Red Hat Enterprise Linux ist das Flaggschiff der roten Hüte aus Raleigh und die Basis für viele weitere Produkte der Firma. Wenn der Marktführer nun also die Version 8 testet, steht viel auf dem Spiel.
Der Autor dieses Artikels ist seit über 15 Jahren Debian-Entwickler und aus dieser Zeit einiges an Häme gewohnt: “Debian Stale” als Verballhornung des stabilen Debian-Zweigs “Stable” ist da eher noch eine höfliche Variante.
Schaut man sich allerdings die Intervalle an, die bei den Enterprise-Distributionen gang und gäbe sind, fällt auf: Debian gehört hier mittlerweile eher zu den flinken Distributionen. Einzig Canonical hält sich sklavisch an den Plan, alle zwei Jahre eine Version mit Long Term Support zu veröffentlichen, ansonsten sind eher fünf Jahre zum Standard geworden.
Nach über vier Jahren ist es bei den roten Hüten nun an der Zeit, eine neue Version des eigenen Flaggschiffs auf den Markt zu bringen: Red Hat Enterprise Linux 8, kurz RHEL 8, folgt der 2014 veröffentlichten Version 7 und soll viele alte Zöpfe abschneiden. “Volle Cloud voraus” lautet dabei das Motto – Grund genug, dem neuen Produkt im Vorserientest auf den Zahn zu fühlen.
Vorserientest bedeutet, dass zum Zeitpunkt des Schreibens dieses Artikels lediglich die öffentliche Betaversion von RHEL 8 verfügbar war, die naturgemäß noch Schnitzer hat. In diesem Text geht es vorrangig um die neuen Features, die RHEL 8 mitbringt – dass die finale Version die üblichen Red-Hat-Standards in Sachen Stabilität erfüllen wird, darf der zahlende Kunde annehmen.
Verschiedene Zielgruppen
Wenn Red Hat “tiefgreifende” Veränderungen verspricht, lohnt es sich, eben dieses Versprechen genauer zu betrachten. In den vergangenen vier Jahren ist technisch viel passiert, und viele neue Konzepte sind groß geworden, etwa Kubernetes. In RHEL 7 war Docker und mit ihm Support für die Containerplattform von Red Hat noch gar nicht zu bekommen, denn Docker selbst war nur eine Technology Preview. Es darf freilich als sicher gelten, dass viele Firmen Docker auf RHEL 7 trotzdem und vermutlich mit den Paketen von Docker selbst betrieben haben – nunmehr hat die Lösung aber auch einen offiziellen Sanktus von Red Hat. Hier macht die neue RHEL-Version also einen Sprung nach vorne.
Dass in RHEL 8 alles anders wird, war von vornherein eher unwahrscheinlich. Red Hat steht hier vor der undankbaren Aufgabe, zwei völlig verschiedene Welten unter einen Hut zu bringen – einerseits die angestammte Klientel, die in RHEL vorrangig ein Werkzeug sieht, um einen Server verlässlich mit einem Betriebssystem auszustatten. Hier spielen neue Funktionen kaum eine Rolle, Stabilität ist das höchste Gut. Admins solcher Systeme reagieren sehr allergisch, wenn Updates vorhandene Funktionen beeinträchtigen. Dieser Gruppe ist das alte Update-Mantra von Debian das liebste: Neue Pakete für ein Programm gibt es nur, um Sicherheitslücken oder kritische Funktionsprobleme zu beseitigen.

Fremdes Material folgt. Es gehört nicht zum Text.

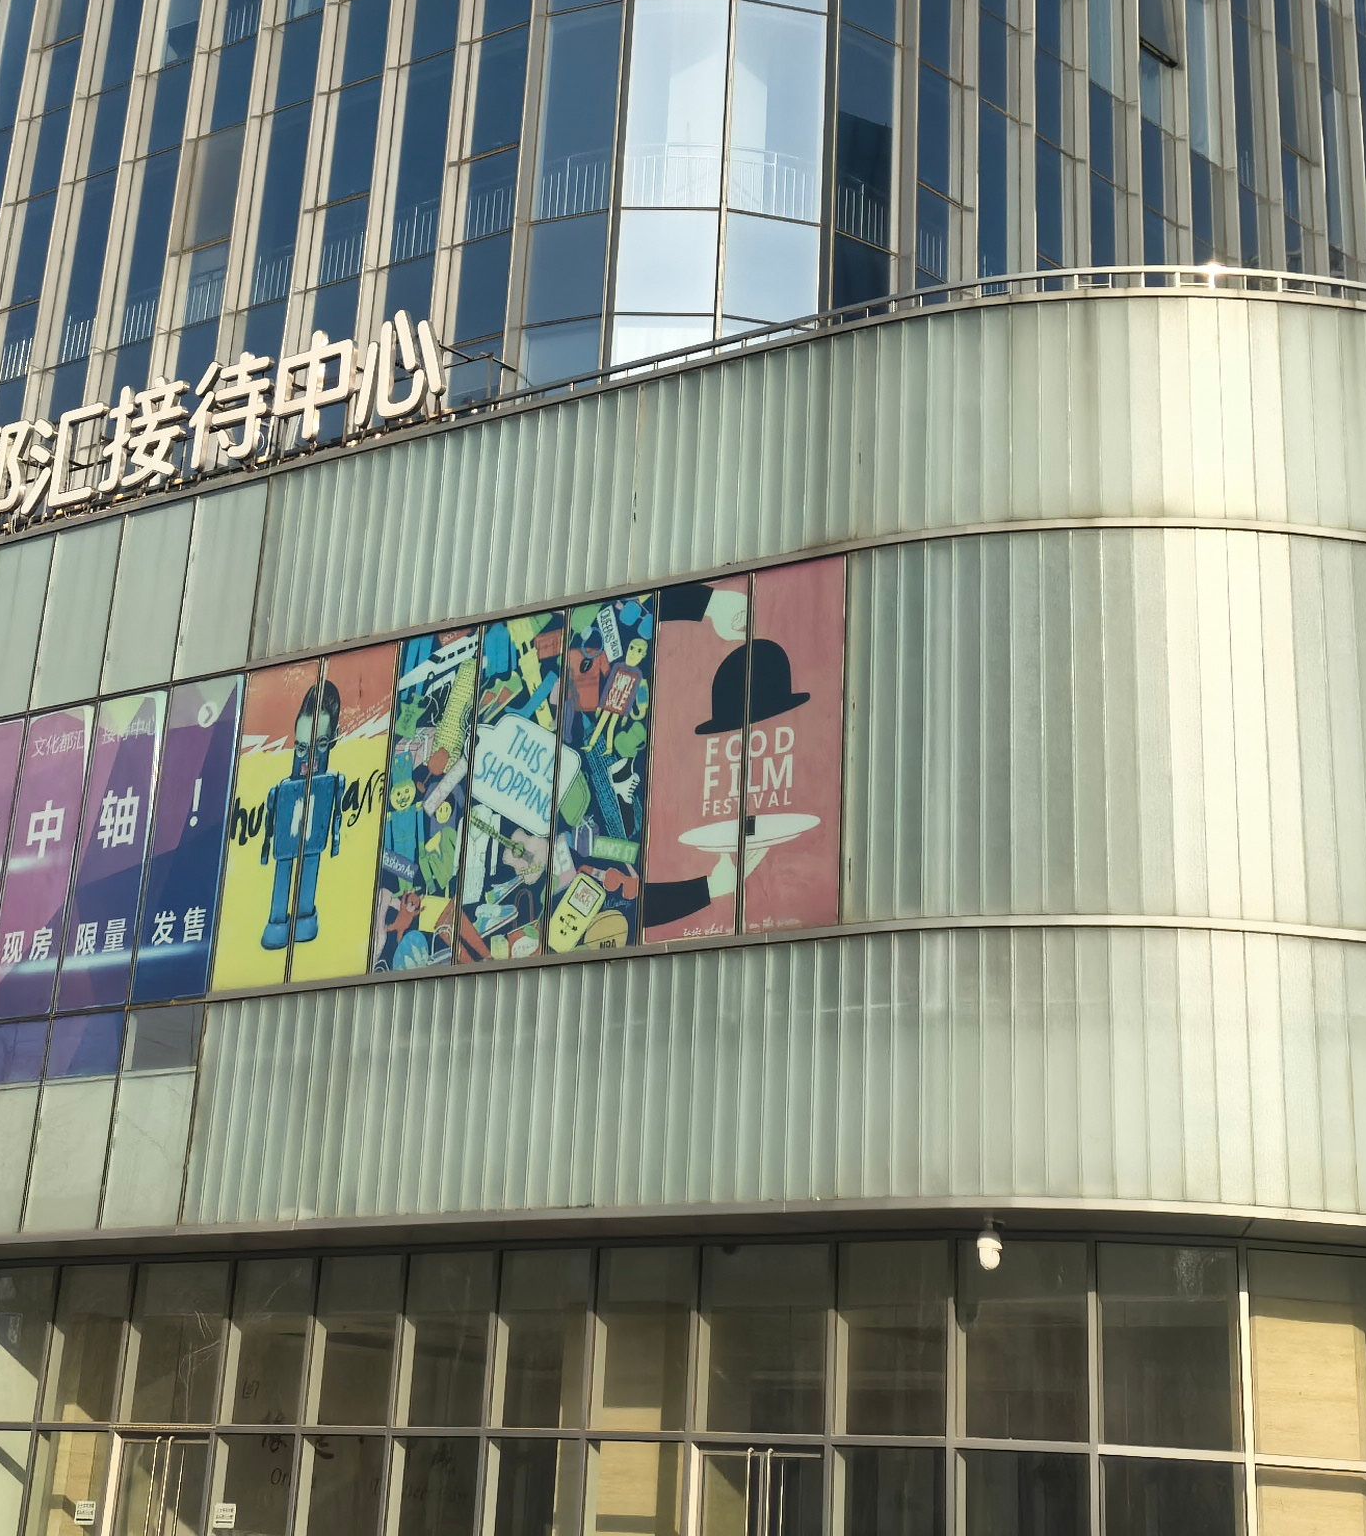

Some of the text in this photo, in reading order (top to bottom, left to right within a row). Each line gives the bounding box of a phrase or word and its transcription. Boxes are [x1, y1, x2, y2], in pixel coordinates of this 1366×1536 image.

[507, 725, 547, 774] THIS
[705, 726, 795, 765] FOOD
[703, 754, 794, 801] FILM
[702, 789, 792, 817] FESVAL
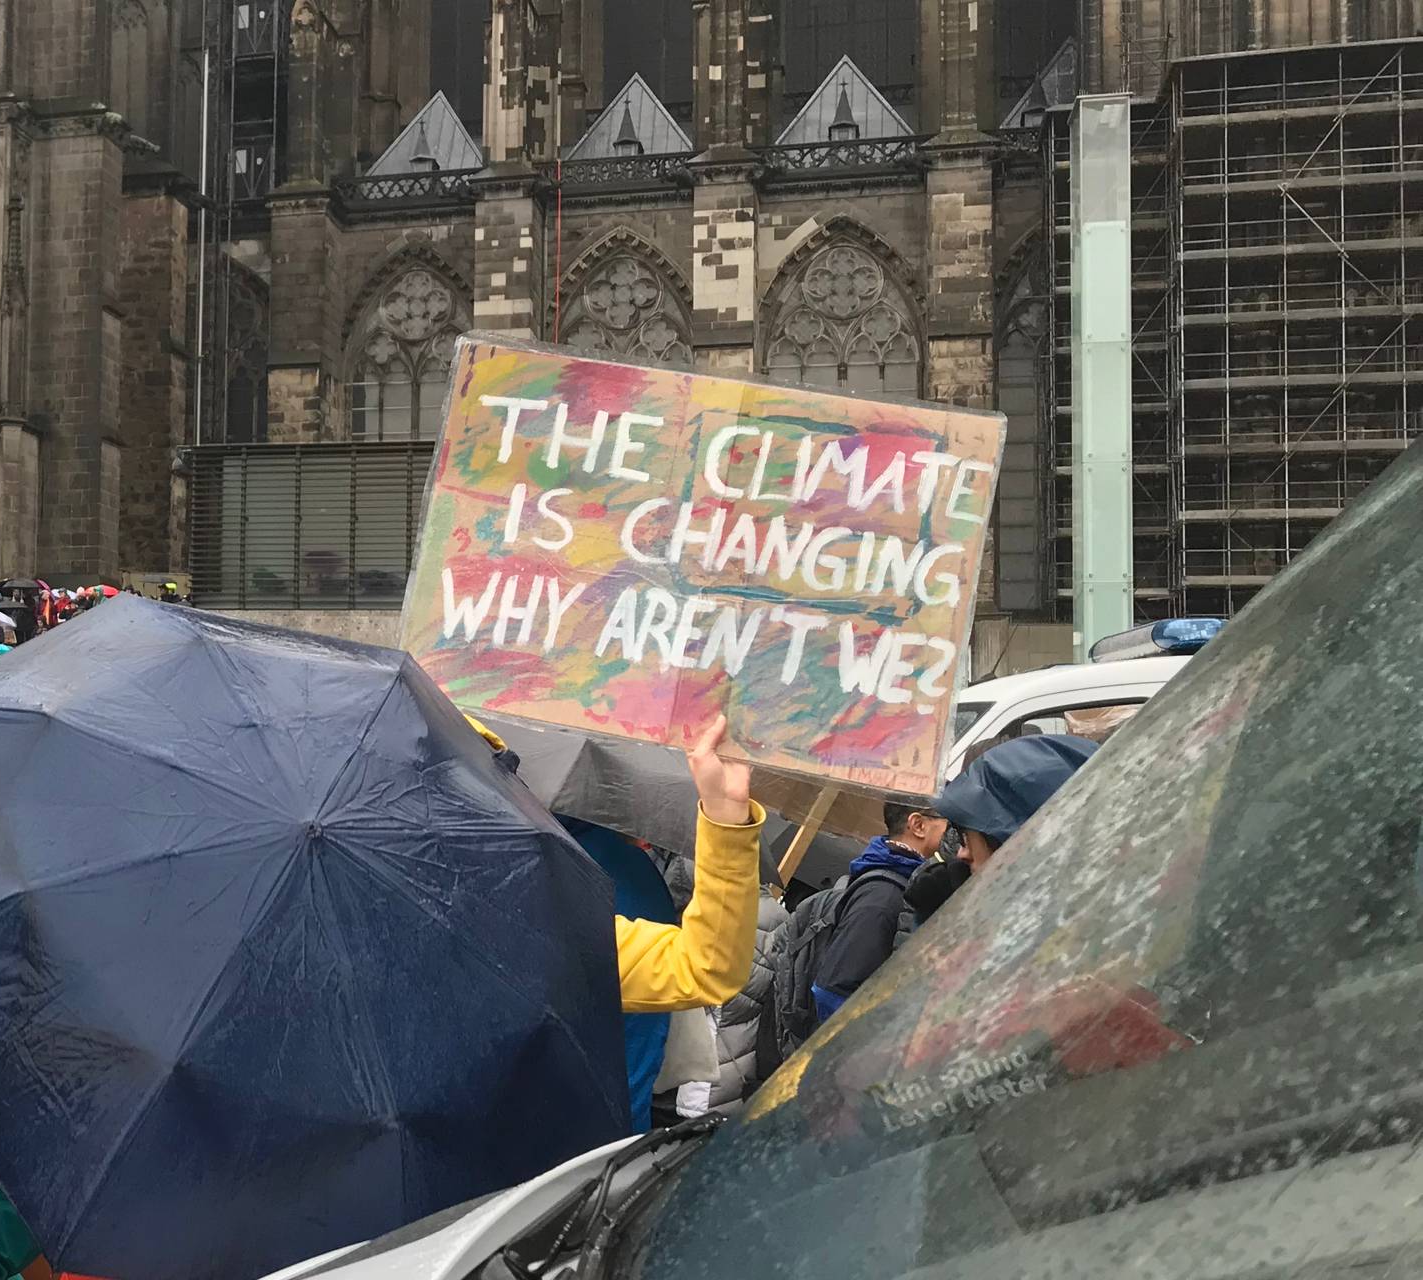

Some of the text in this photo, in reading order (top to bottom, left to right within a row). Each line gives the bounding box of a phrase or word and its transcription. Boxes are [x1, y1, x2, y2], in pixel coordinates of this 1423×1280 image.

[478, 394, 995, 525] THE CLIMATE
[503, 483, 965, 608] IS CHANGING
[441, 567, 957, 715] WHY AREN'T WE?
[882, 1072, 1048, 1132] Level Meter
[939, 1045, 1029, 1089] Sound

Die andere Gruppe von Kunden ist die Fraktion, die voll auf Automation und Cloud und Container und Virtualisierung setzt. Weil hier das Prinzip des “Immutable Underlay” wirkt, ist es nicht unbedingt nötig, jeden Host der Plattform stets in perfektem Zustand zu halten. Fällt ein System aus, übernimmt ein anderes die Aufgaben, später stellt der Admin das System per Automation wieder her. Neue Features bei der genutzten Management-Software (Open Shift, Open Stack oder Kubernetes) erhalten den Vorzug vor bedingungsloser Stabilität.
Viel steht auf dem Spiel
All jene Zielgruppen möchte Red Hat mit RHEL 8 irgendwie ansprechen, wobei das nur zum Teil direkt passiert. Denn für Kubernetes, Open Stack, Open Shift, Ceph und andere Produkte fährt der Hersteller eine alternative Strategie: Hier kommt RHEL die Aufgabe zu, ein Grundsystem zur Verfügung zu stellen, das im Anschluss um Pakete aus Zusatzverzeichnissen ergänzt wird. Das bedeutet im Umkehrschluss freilich auch: Stellt RHEL 8 sich nicht als das stabile System heraus, das alle erwarten, bekommen früher oder später auch die auf der neuen Version basierenden Add-ons Probleme.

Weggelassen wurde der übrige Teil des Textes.